■ Work required
Transcribe the records in full; omit images.

##### Data for processing #####

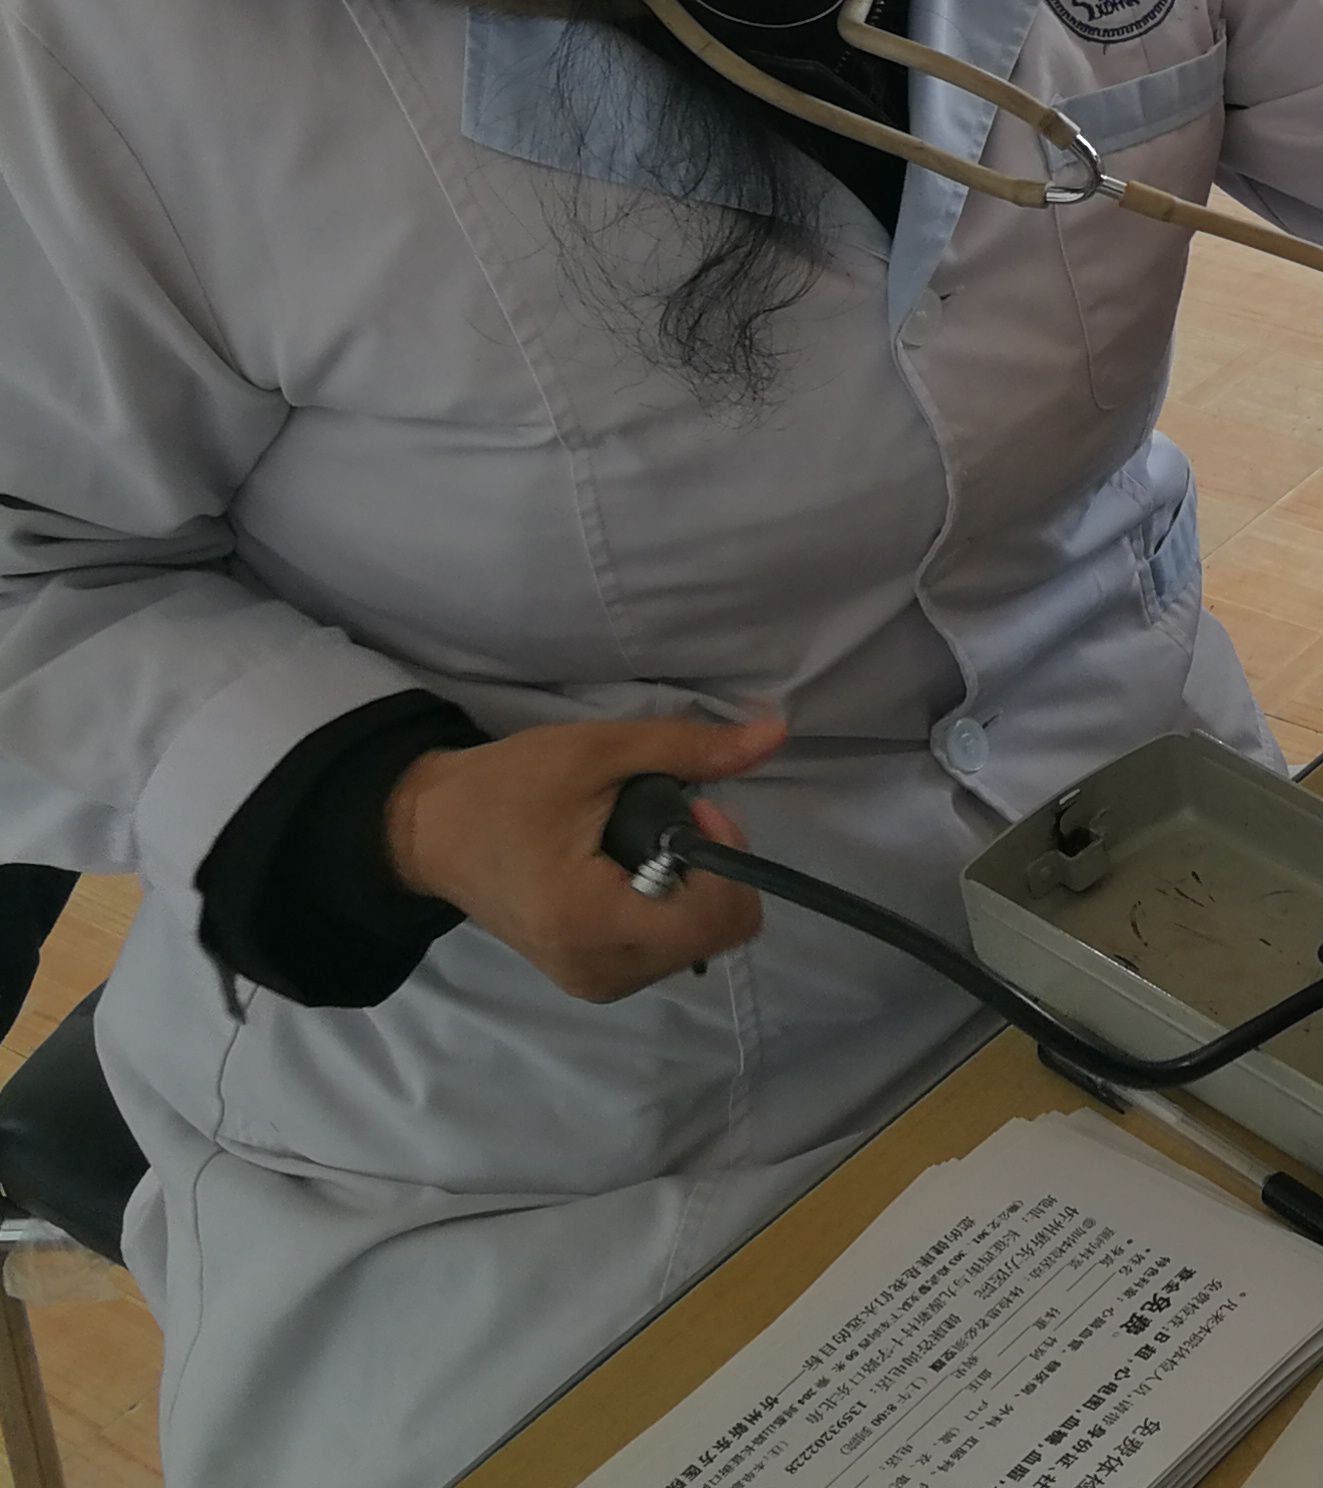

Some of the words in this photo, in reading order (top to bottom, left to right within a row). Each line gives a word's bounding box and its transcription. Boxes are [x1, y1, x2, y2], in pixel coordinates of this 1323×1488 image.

[971, 1201, 1080, 1304] 忻州新东方医院
[1096, 1242, 1125, 1270] 身高
[1116, 1250, 1145, 1279] 姓名
[1030, 1303, 1060, 1333] 体重
[1028, 1333, 1057, 1362] 性别
[951, 1352, 980, 1381] 病史
[964, 1366, 994, 1396] 血压
[962, 1397, 990, 1423] 户口
[1076, 1414, 1163, 1488] 免费体检
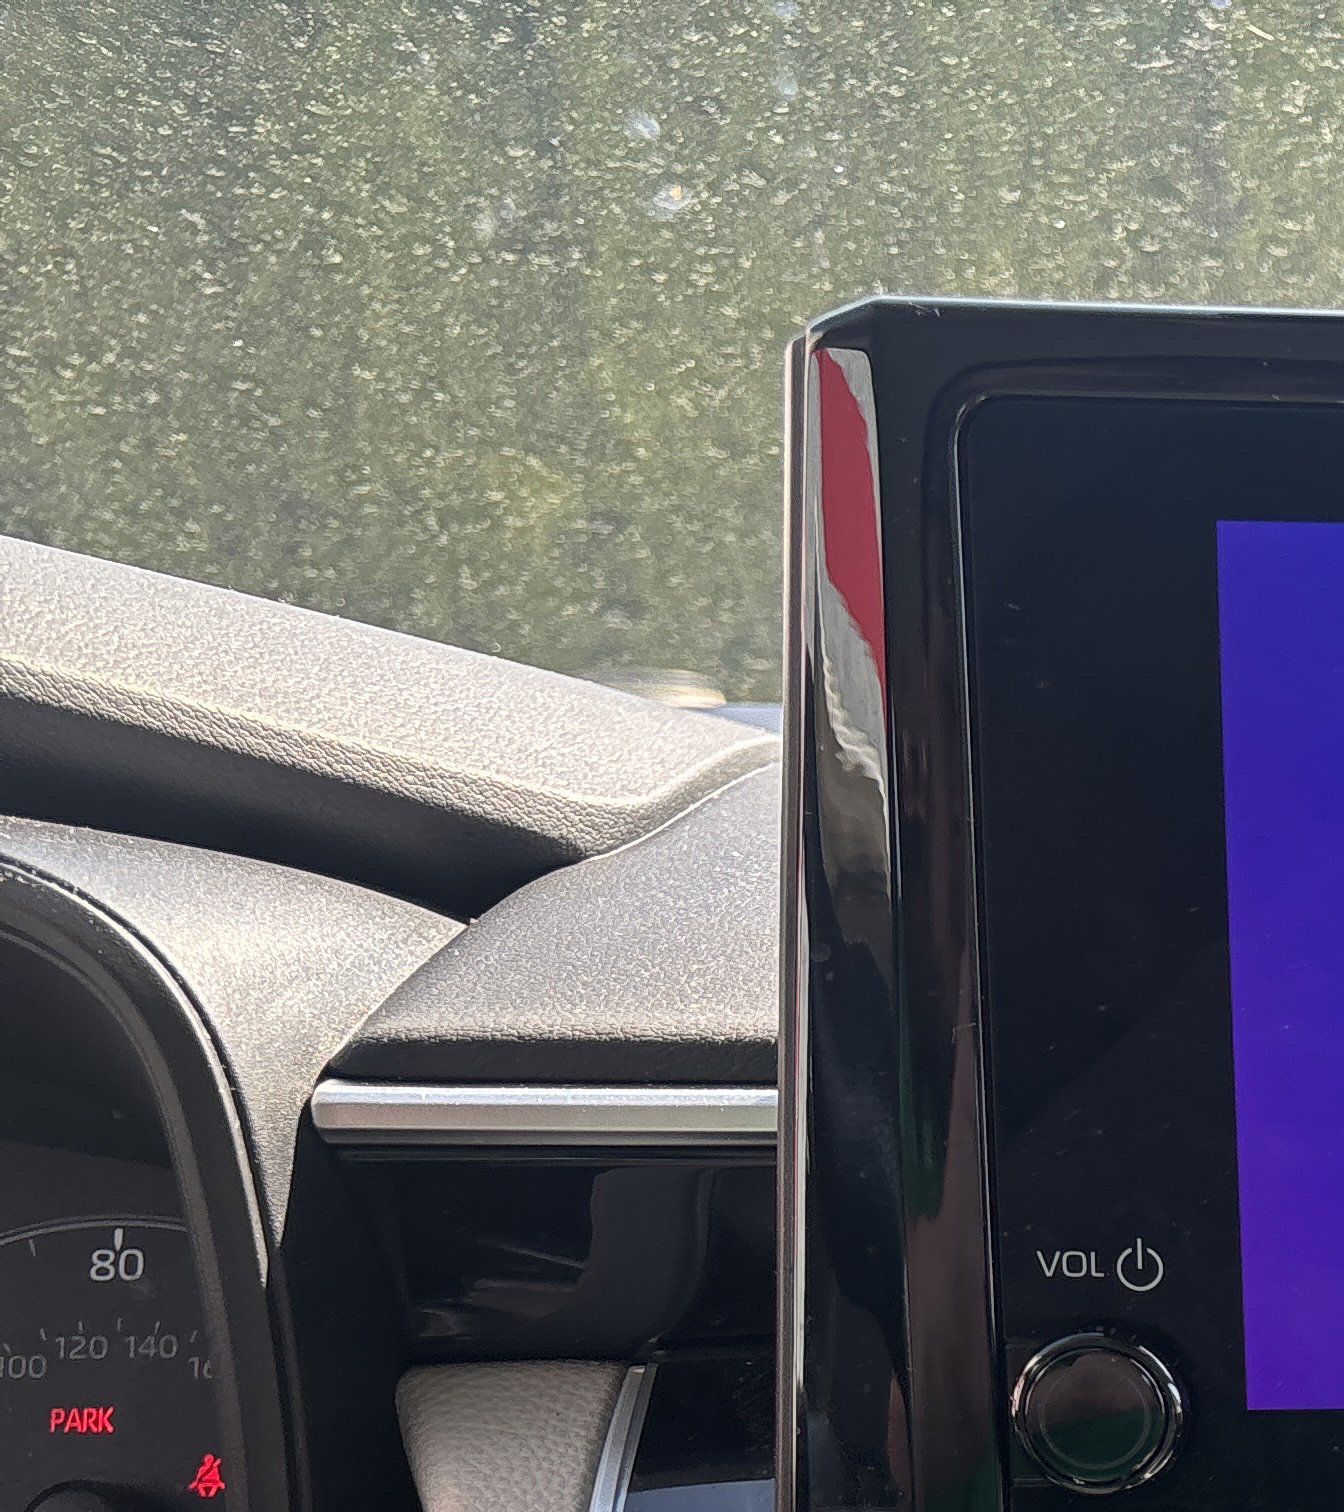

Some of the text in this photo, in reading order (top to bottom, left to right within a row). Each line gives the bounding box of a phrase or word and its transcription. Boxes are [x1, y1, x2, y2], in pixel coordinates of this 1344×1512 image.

#####

■ Result of this exercise
Some of the words in this photo, in reading order (top to bottom, left to right within a row). Each line gives a word's bounding box and its transcription. Boxes are [x1, y1, x2, y2], in pixel coordinates of this 1323×1488 image.

[971, 1201, 1080, 1304] 忻州新东方医院
[1096, 1242, 1125, 1270] 身高
[1116, 1250, 1145, 1279] 姓名
[1030, 1303, 1060, 1333] 体重
[1028, 1333, 1057, 1362] 性别
[951, 1352, 980, 1381] 病史
[964, 1366, 994, 1396] 血压
[962, 1397, 990, 1423] 户口
[1076, 1414, 1163, 1488] 免费体检

Some of the text in this photo, in reading order (top to bottom, left to right within a row). Each line gives the bounding box of a phrase or word and its transcription. Boxes are [x1, y1, x2, y2], in pixel coordinates of this 1344×1512 image.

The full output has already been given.